….письмо лежало в незапечатанном конверте, что <….> давало мне право заглянуть в него. Что меня поразило, что оно было послано Х. Н. Бяликом русскому писателю Максиму Горькому и в нём говорилось о раве[160] Абрамском из Слуцка Минской области, который был приговорён к принудительным работам. Я знал его имя как имя одного из ультраортодоксов, которые резко противились сионизму и любой новой культуре и боролись со всем этим с большой воинственностью. И вот этот рав, которого, кажется, арестовали за то, что он тайно продолжал сохранять ишиву[161], заподозрен в грехе контрреволюции и получил такой тяжкий приговор! Всё Письмо было написано рукой Бялика, мелкими убористыми буквами.

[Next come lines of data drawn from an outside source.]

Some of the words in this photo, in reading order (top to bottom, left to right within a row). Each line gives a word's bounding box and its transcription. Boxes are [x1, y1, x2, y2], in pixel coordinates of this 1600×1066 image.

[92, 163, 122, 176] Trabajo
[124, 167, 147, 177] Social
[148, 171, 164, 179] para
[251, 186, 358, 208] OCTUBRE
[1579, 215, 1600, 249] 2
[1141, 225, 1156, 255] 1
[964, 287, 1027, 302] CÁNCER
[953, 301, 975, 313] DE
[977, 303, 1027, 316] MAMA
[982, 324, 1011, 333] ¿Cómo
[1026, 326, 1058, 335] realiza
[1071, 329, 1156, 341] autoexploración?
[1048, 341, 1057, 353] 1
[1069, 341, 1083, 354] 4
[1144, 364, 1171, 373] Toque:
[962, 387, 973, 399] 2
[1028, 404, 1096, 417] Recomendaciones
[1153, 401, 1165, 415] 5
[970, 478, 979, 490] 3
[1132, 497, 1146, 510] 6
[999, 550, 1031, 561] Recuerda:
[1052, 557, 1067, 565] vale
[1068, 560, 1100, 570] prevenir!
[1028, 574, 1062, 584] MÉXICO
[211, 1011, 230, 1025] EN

Оно начиналось похвалами в адрес рава Абрамского, сообщением, что он велик в знаниях Торы, что он замечательный знаток «Тосефеты»[162], о которой он написал большой труд, в котором сделал важные открытия и т. д. Только в конце <письма Бялик> перешел к существу дела, а именно к тому, что рав этот обвинён в контрреволюции и получил тяжкий приговор, и что он, Бялик, поражен этим. Что общего между этим равом и контрреволюцией, как можно выслать этого рава в Сибирь на принудительные работы? А его научная работа по «Тосефете», что же будет с ней и тогда-то талмудическая литература потеряет великого исследователя, который в будущем может пролить много света на неосвещенную сторону этой литературы! И поэтому он обращается к дорогому Максиму Горькому с просьбой сделать всё, что в его силах, чтобы спасти этого рава, который вовсе не контрреволюционер, и вернуть его к работе над «Тосефетой». Свое письмо Бялик закончил словами: «Сердце говорит сердцу!»

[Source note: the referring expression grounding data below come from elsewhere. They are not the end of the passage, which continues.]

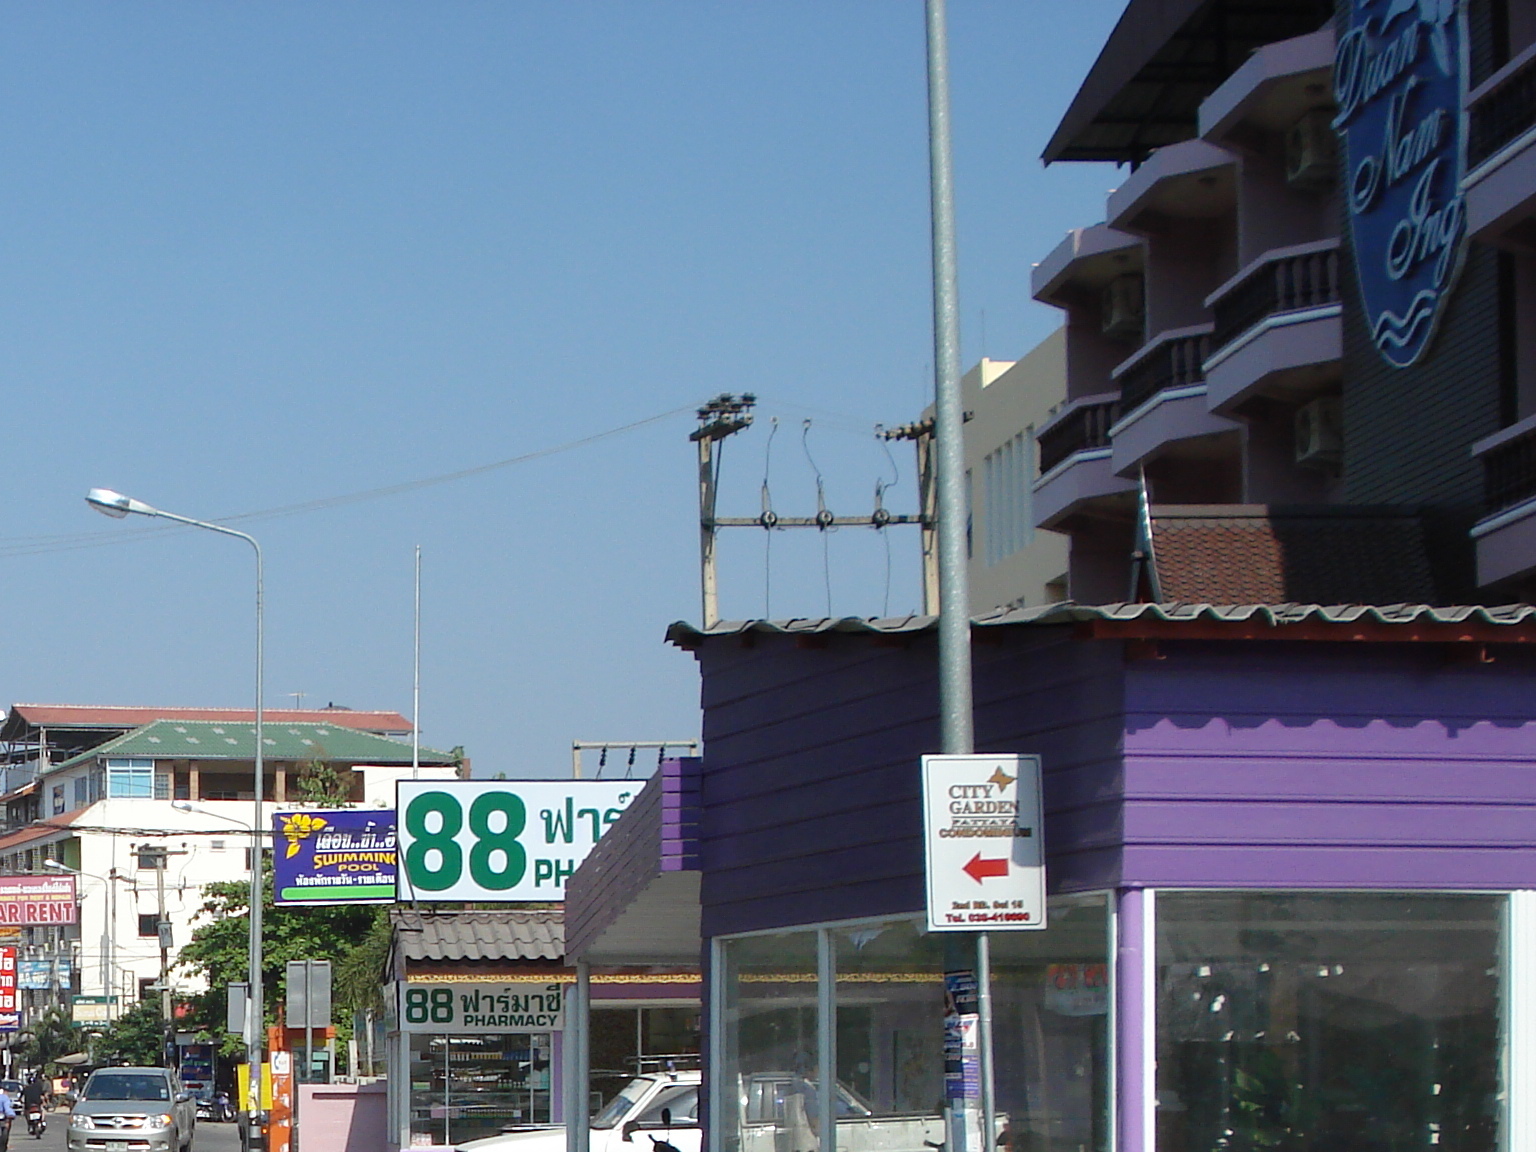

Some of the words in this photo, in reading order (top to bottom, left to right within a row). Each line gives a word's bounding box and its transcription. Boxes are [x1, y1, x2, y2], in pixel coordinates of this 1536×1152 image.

[948, 785, 994, 799] CITY
[949, 800, 1020, 814] GARDEN
[952, 818, 1019, 826] PATTAYA
[939, 827, 1032, 838] CONDOMINIUM
[405, 791, 527, 891] 88
[338, 863, 380, 872] POOL
[25, 902, 73, 924] RENT
[405, 988, 454, 1024] 88
[464, 1014, 559, 1027] PHARMACY
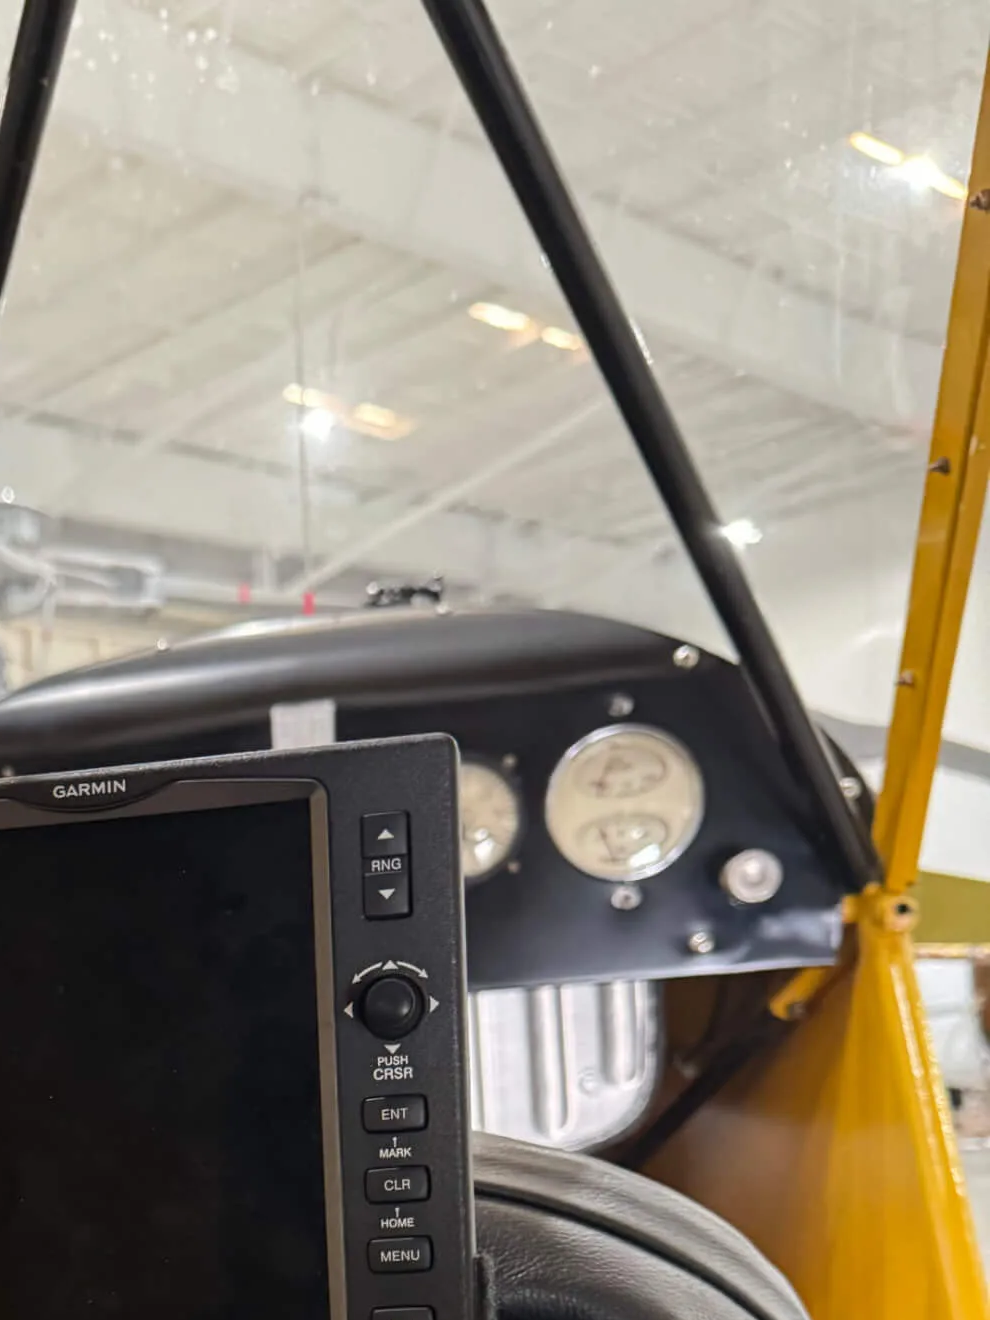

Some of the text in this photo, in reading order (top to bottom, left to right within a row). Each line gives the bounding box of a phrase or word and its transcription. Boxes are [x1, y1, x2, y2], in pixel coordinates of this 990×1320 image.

[53, 779, 126, 799] GARMIN
[371, 857, 402, 872] RNG
[377, 1055, 409, 1067] PUSH
[373, 1067, 413, 1080] CRSR
[381, 1107, 408, 1121] ENT
[379, 1147, 412, 1159] MARK
[384, 1178, 411, 1191] CLR
[380, 1217, 414, 1229] HOME
[380, 1250, 420, 1262] MENU

Бялик, вероятно, не знал точно, в чём обвинён рав Абрамский, и нашел нужным не говорить об этом, а, избрав язык мудрецов, подошел к проблеме с совершенно другой стороны, а именно со стороны значение приговорённого для науки и таким образом предложил Горькому роль спасителя культурного и научного деятеля. Не очень-то я верил в успех этого письма.

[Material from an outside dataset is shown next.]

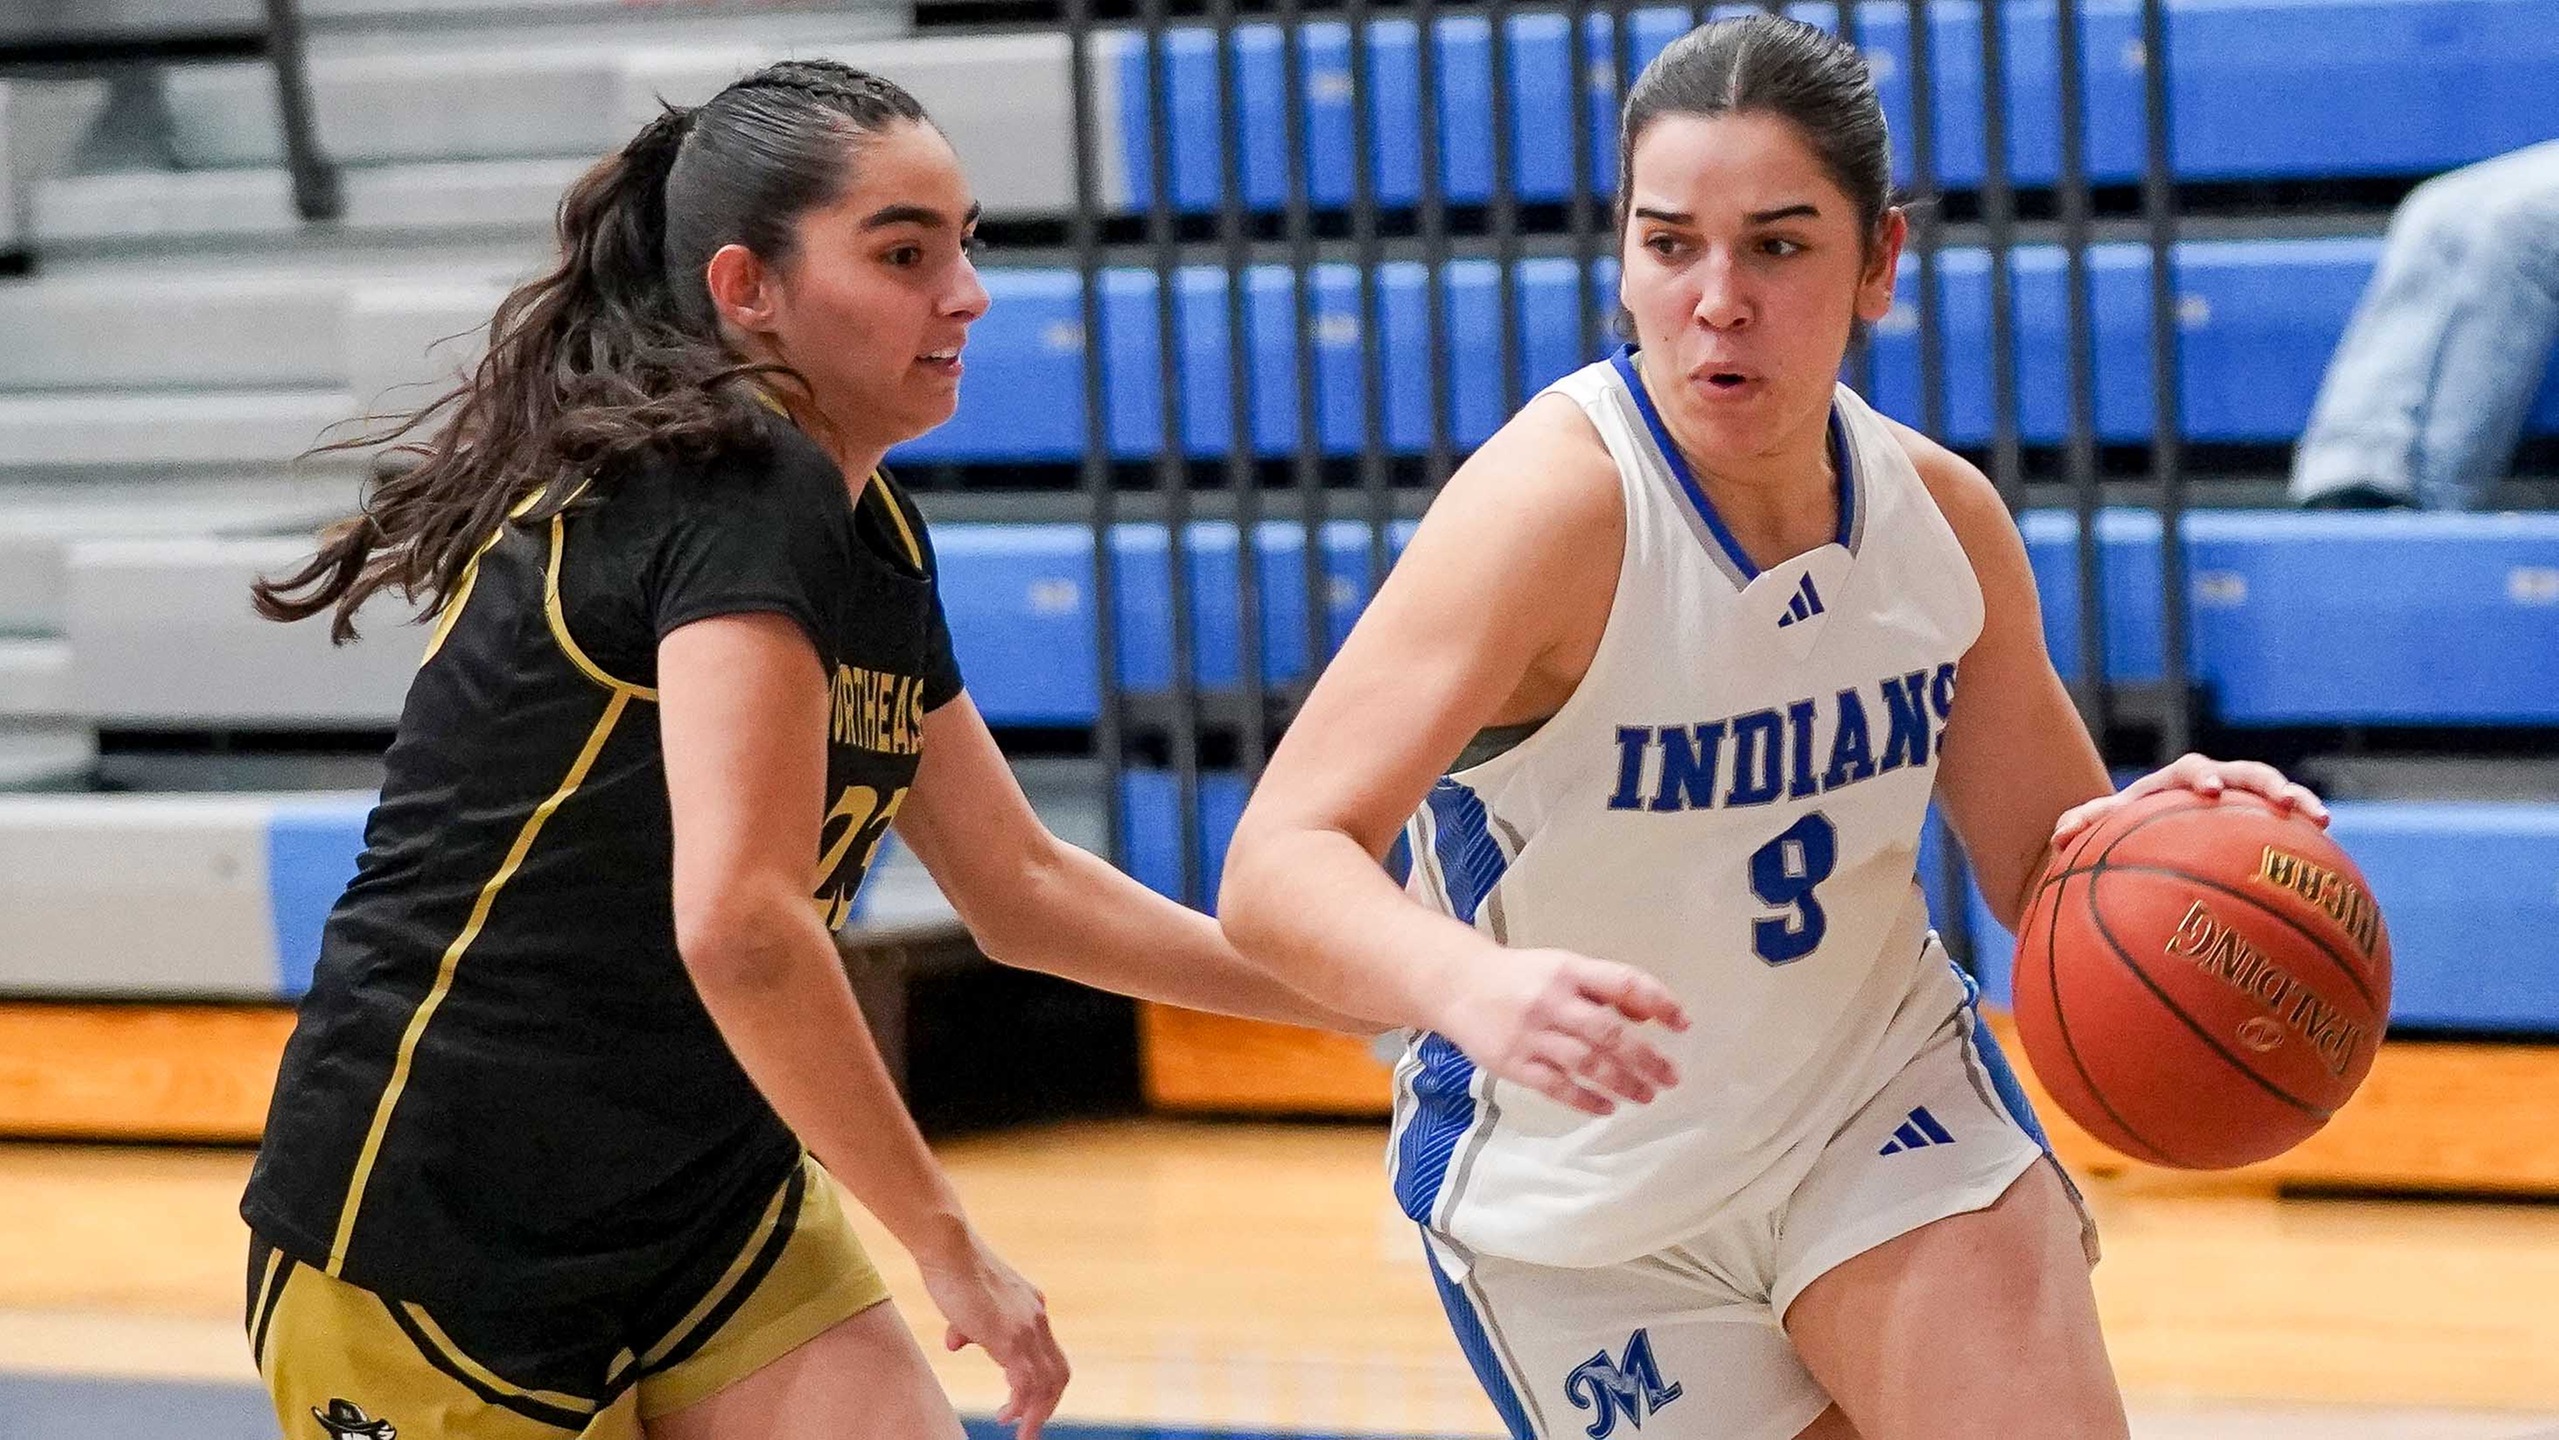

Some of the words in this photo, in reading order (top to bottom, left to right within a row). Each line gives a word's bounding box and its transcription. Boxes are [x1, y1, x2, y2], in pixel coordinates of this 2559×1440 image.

«И в чём ценность — думал я про себя — всей „Тосефеты“ в глазах властей в России, что для них, если один из толкователей ее уйдет из этого мира, а с ним и все его глубокие научные толкования». Но подобные мысли не помешали мне, разумеется, выполнить мой долг <…>. В этот же самый день я выяснил адрес Горького и переслал ему письмо. Про несколько дней и <…> я прочел в газетах сообщение о раве, который только что выехал из России и которого ожидают в Англии. Это был рав Абрамский <…> Только тогда я понял, как велико влияние Максима Горького в правительстве Советской России[163] и как велико влияние Бялика на Горького. Да, большие сердца были у этих двух людей, и когда сердца их «говорили друг другу» — они спасали людей от гибели страданий в этом мире. Да будет воспоминания об этом свечой, зажженной Во имя их душ! [АГУРСКИЙ-ШКЛОВСКАЯ. С. 506–507, 14][164].